2026 e os Maiores Desafios do Agro

Por: Tirso Meirelles

Por Tirso Meirelles, presidente do Sistema Faesp/Senar

O ano de 2026 se anuncia como um dos mais desafiadores para o setor agropecuário brasileiro. A combinação entre previsão de escassez hídrica, juros elevados e a ausência de uma política agrícola de longo prazo cria um cenário de incerteza que compromete a continuidade dos investimentos, a segurança produtiva e a competitividade do país no mercado internacional.

O agro — responsável por mais de um quarto do PIB e por uma parcela expressiva das exportações — entra em 2026 com a sensação de que precisa superar obstáculos estruturais sem o respaldo institucional que deveria garantir estabilidade e proteção em momentos críticos.

A perspectiva de restrição hídrica, amplamente apontada por centros meteorológicos e entidades de pesquisa, ameaça diretamente a produtividade e a rentabilidade das principais cadeias agropecuárias. Sem previsibilidade sobre a disponibilidade de água, o produtor hesita em ampliar áreas, adotar novas tecnologias ou investir em cultivos mais exigentes.

A irrigação, que poderia ser uma alternativa estratégica, esbarra em entraves regulatórios, custos elevados e insegurança sobre o uso dos recursos hídricos.

O resultado é um campo que precisa produzir mais com menos, sob maior pressão climática e com margens cada vez mais apertadas. Em vez de política pública consistente, o produtor encontra um mosaico fragmentado de programas temporários e insuficientes.

A taxa de juros elevada agrava ainda mais esse quadro. Em um setor em que o ciclo produtivo é longo e os investimentos são robustos, o crédito agrícola torna-se um instrumento vital para garantir expansão e modernização. Entretanto, com linhas cada vez mais caras, muitos produtores — sobretudo pequenos e médios — enfrentam dificuldade para financiar custeio, aquisição de insumos e reposição de máquinas.
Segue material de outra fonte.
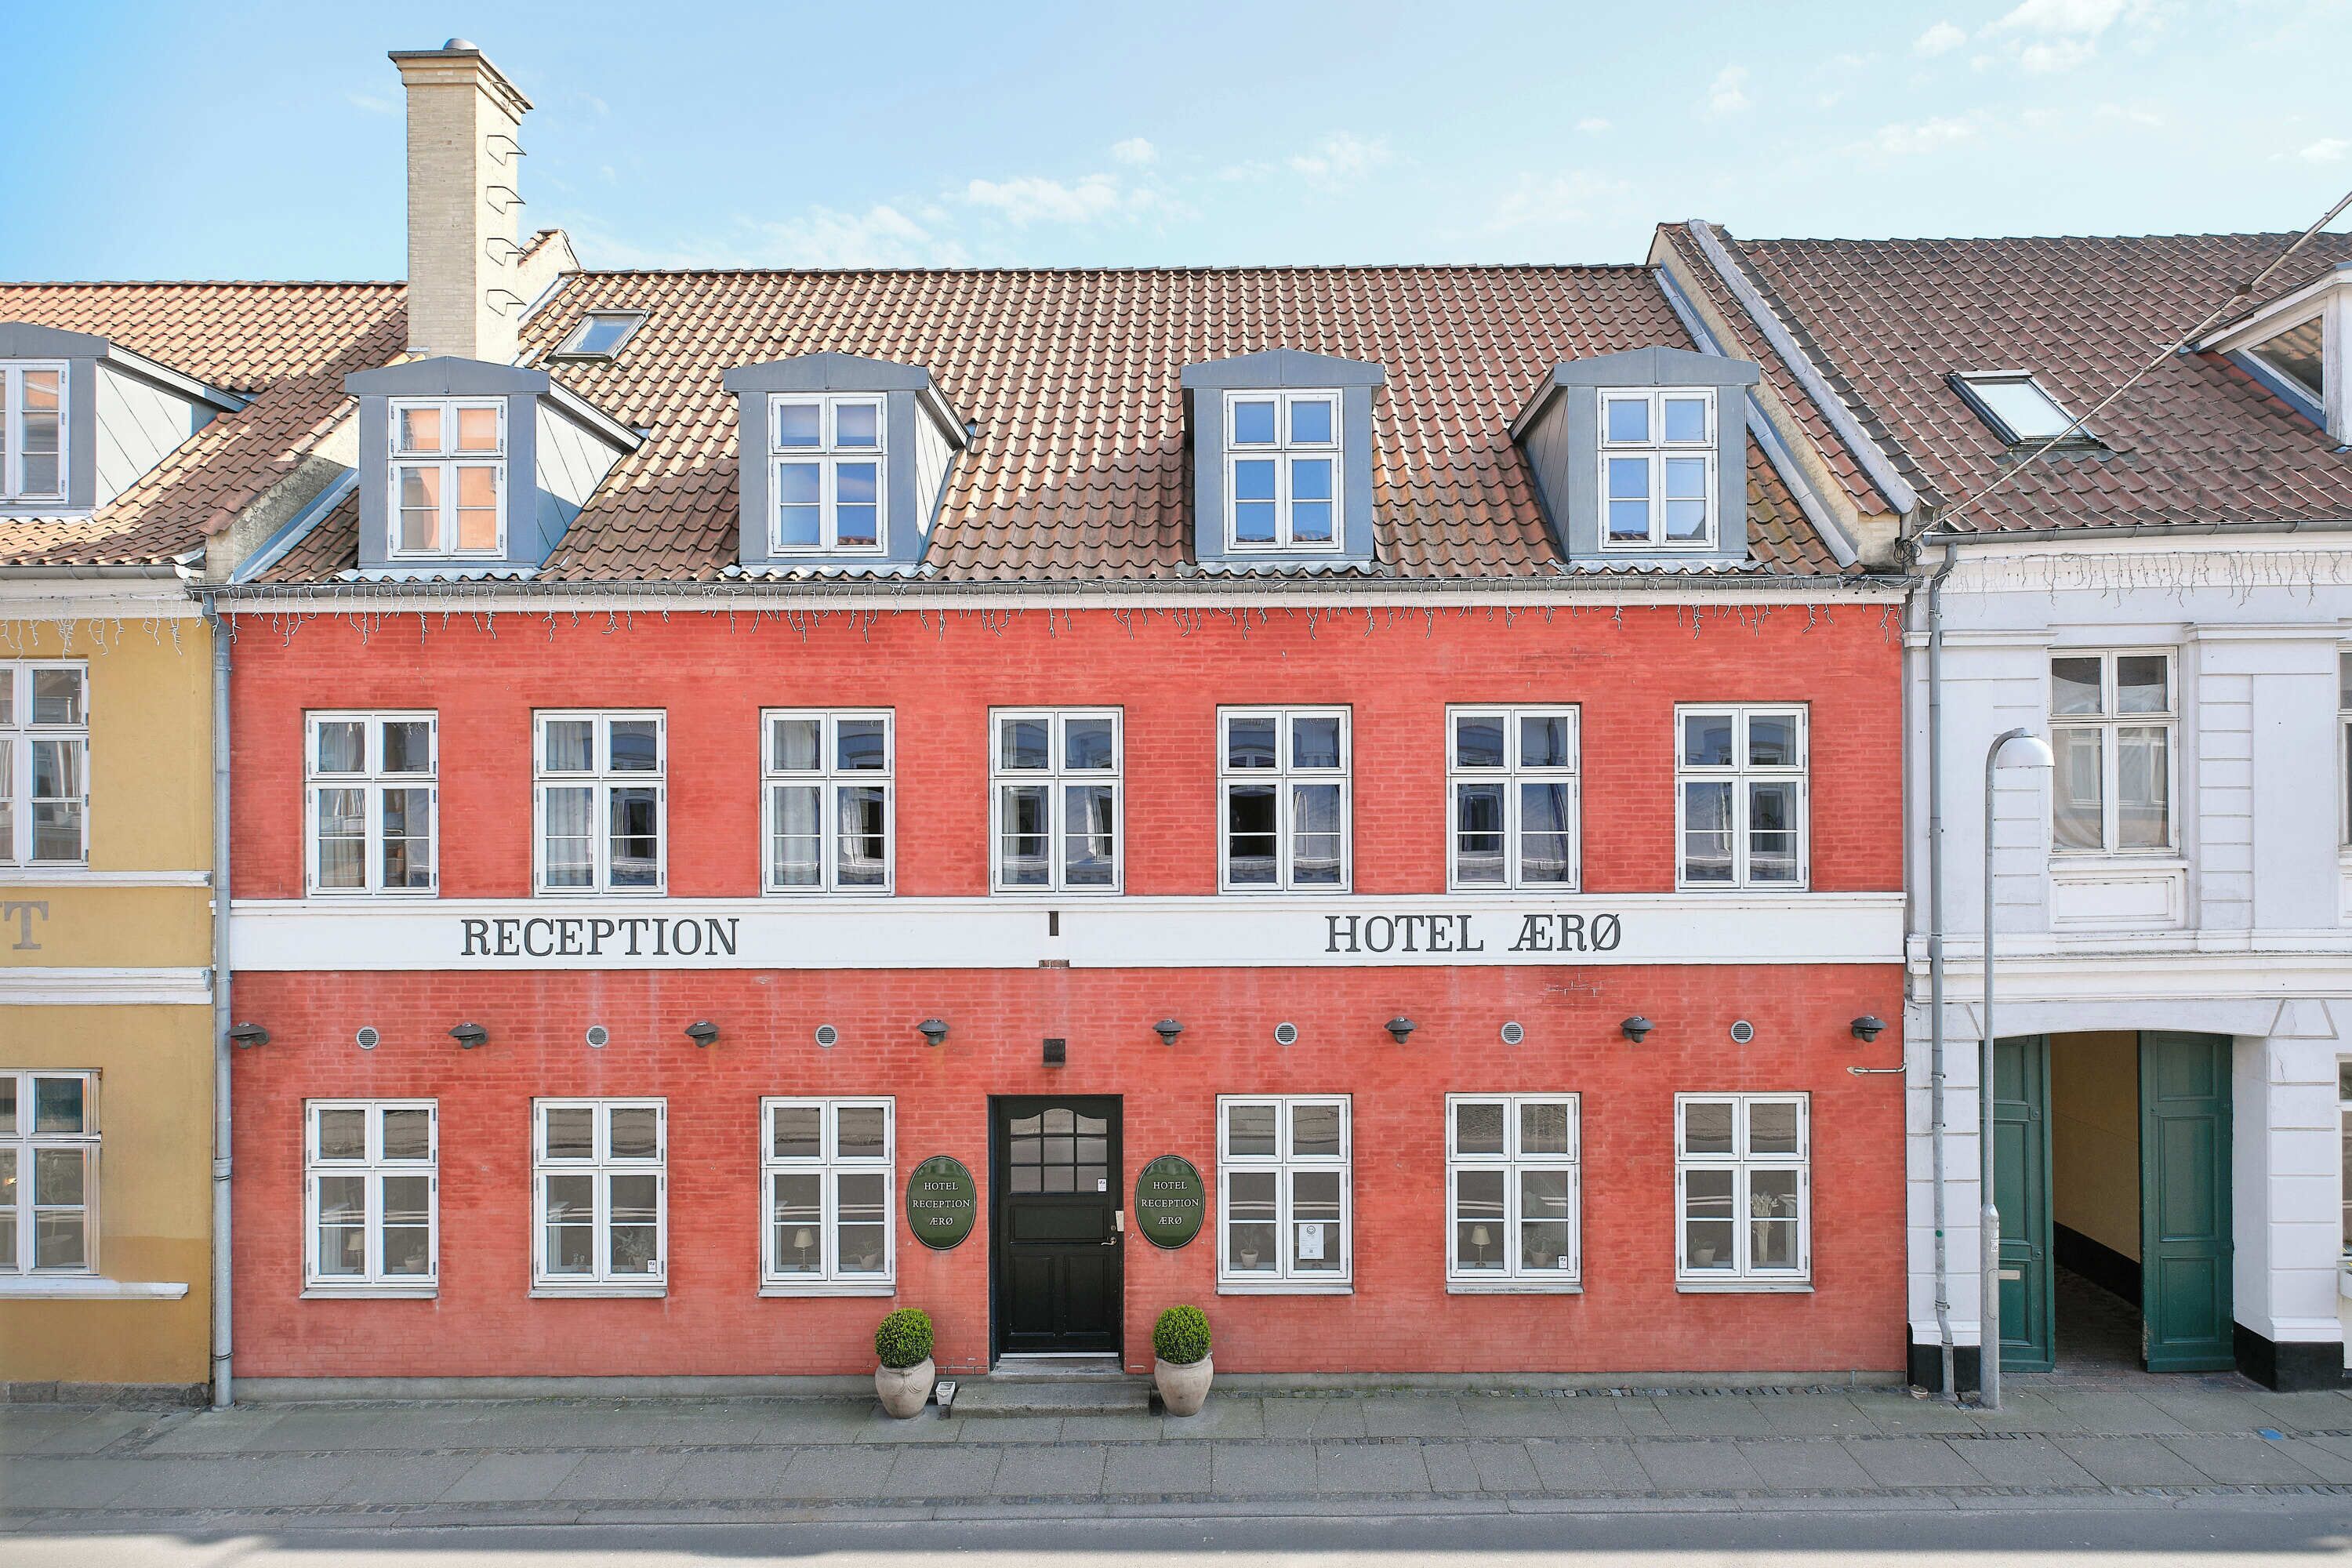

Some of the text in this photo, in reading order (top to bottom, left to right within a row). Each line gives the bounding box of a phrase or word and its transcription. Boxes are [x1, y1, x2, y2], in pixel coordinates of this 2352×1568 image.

A travessia financeira se torna árida: cresce o risco de endividamento, diminui a capacidade de planejamento e se instala um ambiente de retração, prejudicando a adoção de tecnologias que poderiam elevar a produtividade e mitigar impactos climáticos. Juros altos, historicamente, são um freio para a economia; no agro, tornam-se um bloqueio direto à produção.
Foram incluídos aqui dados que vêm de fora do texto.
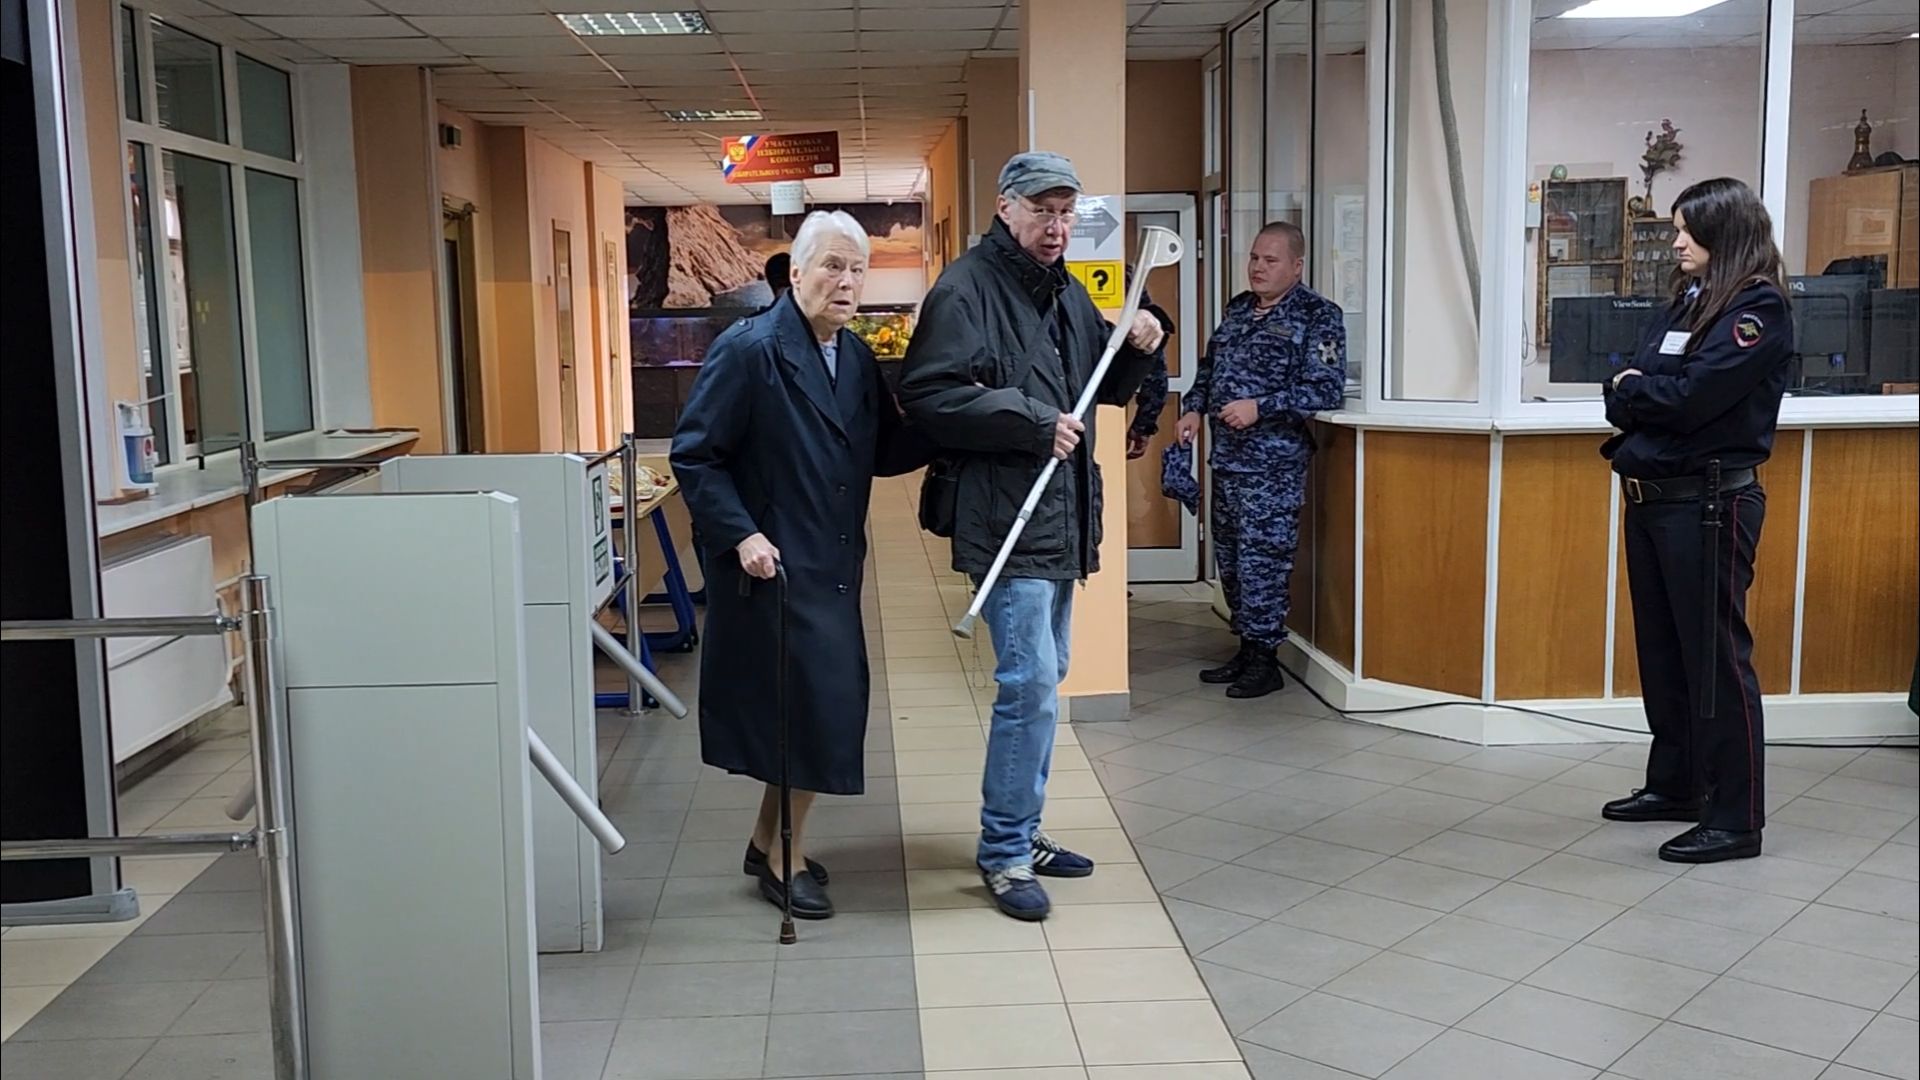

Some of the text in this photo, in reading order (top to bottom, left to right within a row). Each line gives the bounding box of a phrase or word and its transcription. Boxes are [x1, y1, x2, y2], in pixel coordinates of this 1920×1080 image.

[764, 138, 822, 148] УЧАСТКОВАЯ
[756, 146, 831, 157] ИЗБИРАТЕЛЬНАЯ
[769, 154, 820, 164] КОМИССИЯ
[1612, 299, 1653, 308] ViewSonic
Mas o ponto mais sensível do debate é a ausência de uma política agrícola de longo prazo, com recursos robustos e estáveis, capazes de atender verdadeiramente às demandas do setor.
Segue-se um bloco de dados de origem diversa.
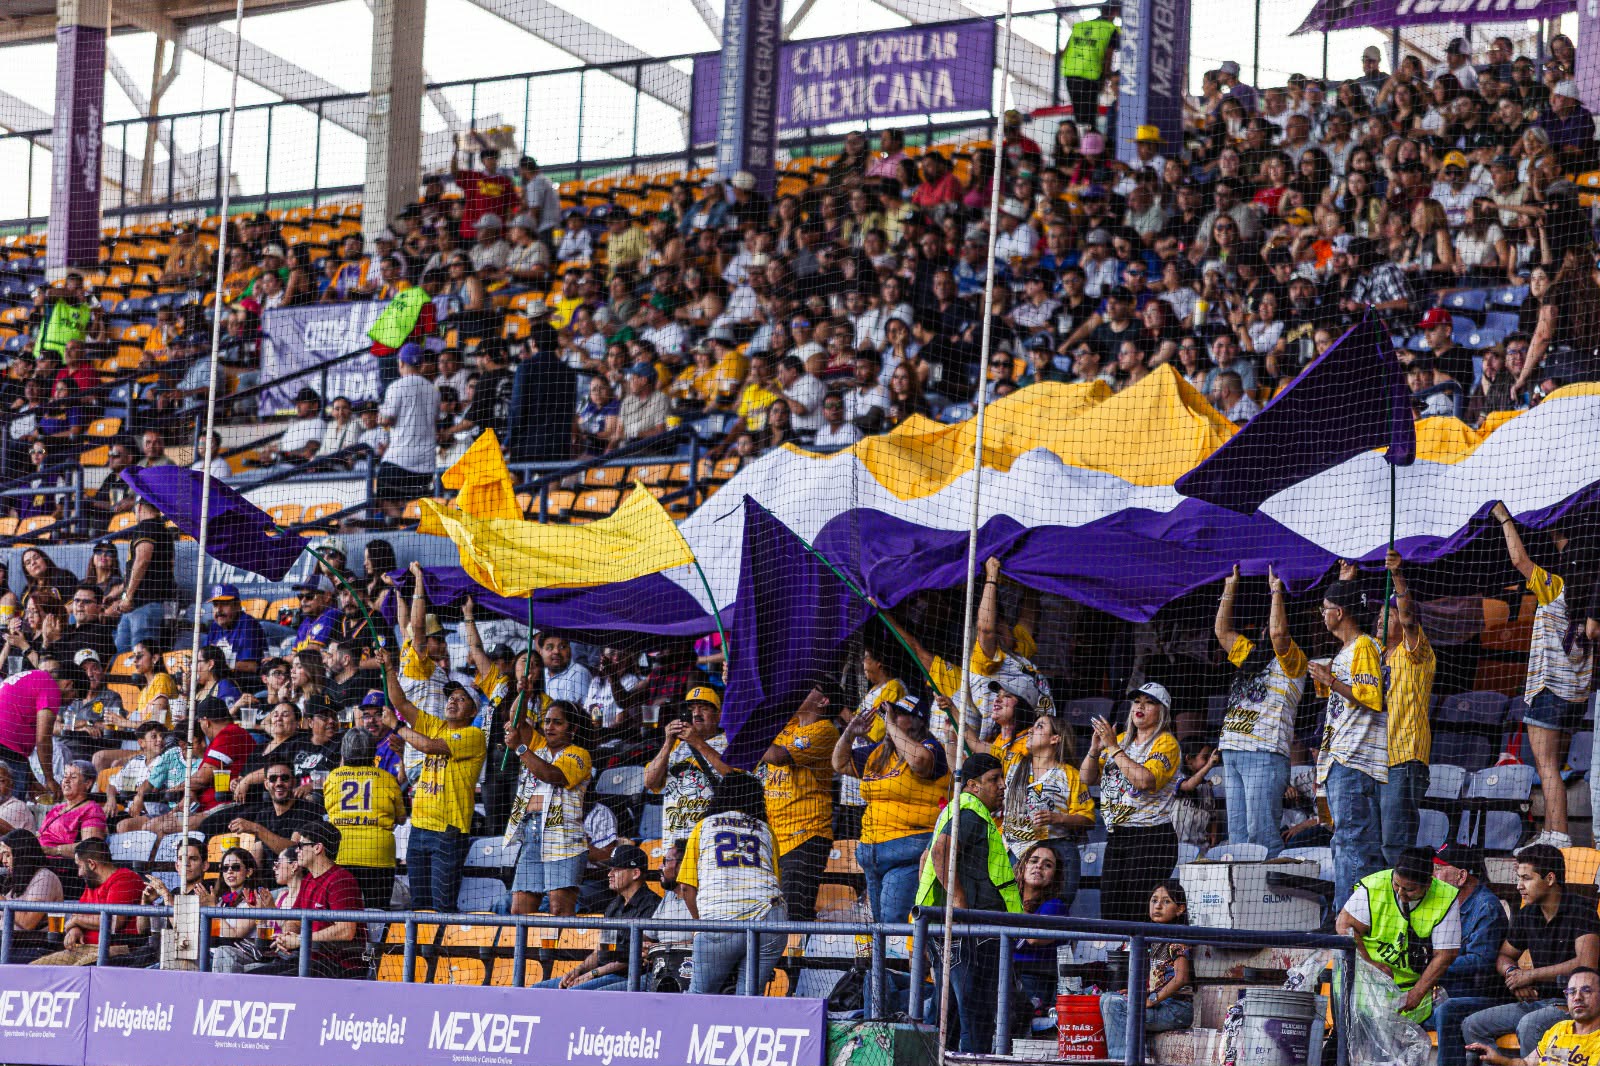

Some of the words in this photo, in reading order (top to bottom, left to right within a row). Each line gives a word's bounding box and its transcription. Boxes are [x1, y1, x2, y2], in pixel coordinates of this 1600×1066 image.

O Brasil ainda depende de planos sazonais, renegociações emergenciais e programas que mudam a cada ciclo político. Falta uma estratégia contínua de Estado, e não de governo, que assegure previsibilidade, equilíbrio e mecanismos sólidos de proteção ao produtor. Sem isso, o agro opera sob constante insegurança, adaptando-se como pode aos ventos políticos e econômicos, quando deveria contar com diretrizes claras para planejar décadas à frente.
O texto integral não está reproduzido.